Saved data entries

|---|

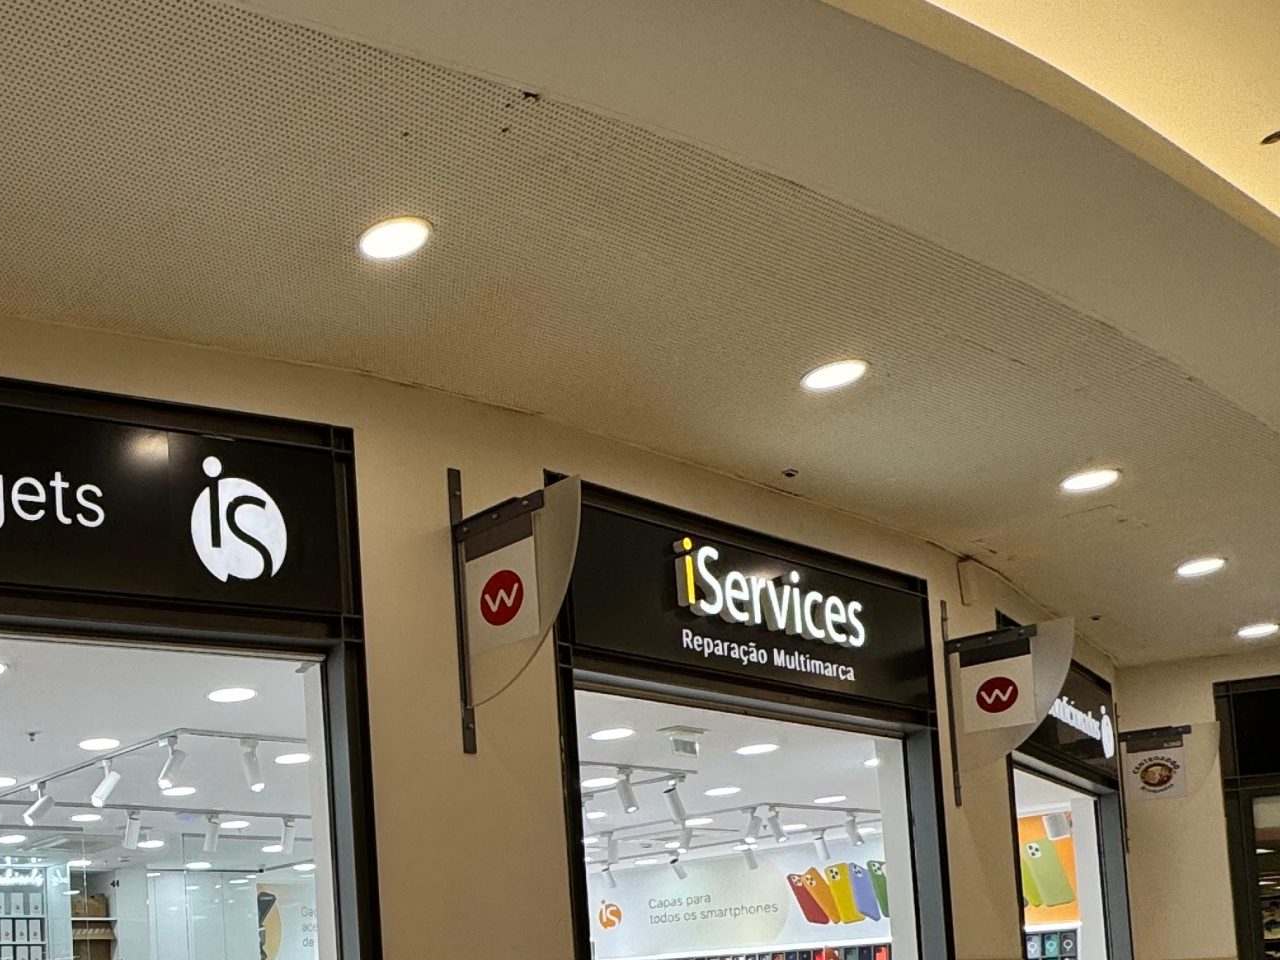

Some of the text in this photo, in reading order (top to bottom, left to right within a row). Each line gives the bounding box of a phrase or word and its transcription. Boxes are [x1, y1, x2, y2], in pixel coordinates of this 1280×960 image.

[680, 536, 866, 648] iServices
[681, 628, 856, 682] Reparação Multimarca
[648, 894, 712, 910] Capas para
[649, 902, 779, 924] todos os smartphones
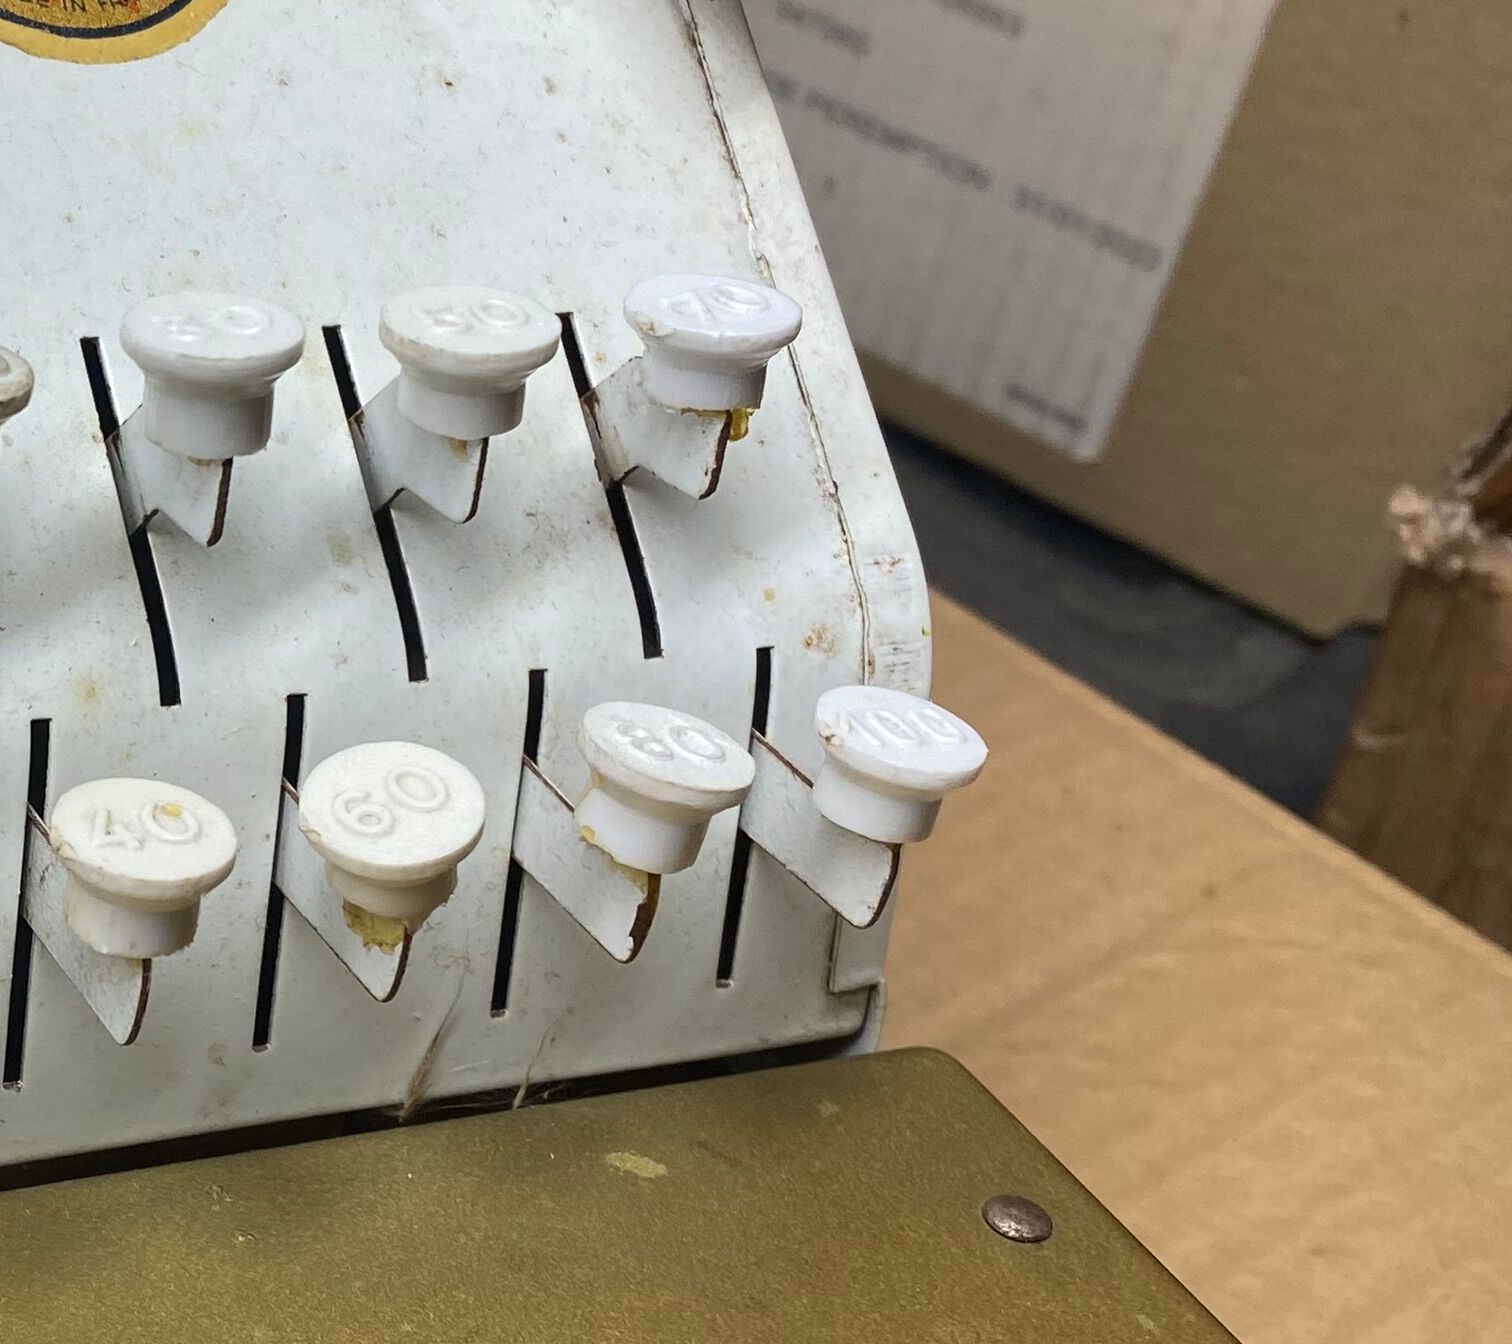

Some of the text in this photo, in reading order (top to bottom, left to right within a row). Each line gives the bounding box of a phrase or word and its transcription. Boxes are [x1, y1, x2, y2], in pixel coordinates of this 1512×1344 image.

|---|

• **Problem statement**
Quote every record above exactly, omitting any pictures they contain.

• **Finished task**
Some of the text in this photo, in reading order (top to bottom, left to right within a row). Each line gives the bounding box of a phrase or word and its transcription. Boxes are [x1, y1, x2, y2], in pixel coordinates of this 1280×960 image.

[680, 536, 866, 648] iServices
[681, 628, 856, 682] Reparação Multimarca
[648, 894, 712, 910] Capas para
[649, 902, 779, 924] todos os smartphones

Some of the text in this photo, in reading order (top to bottom, left to right within a row). Each line gives the bounding box of a phrase or word and its transcription. Boxes are [x1, y1, x2, y2], in pixel coordinates of this 1512×1344 image.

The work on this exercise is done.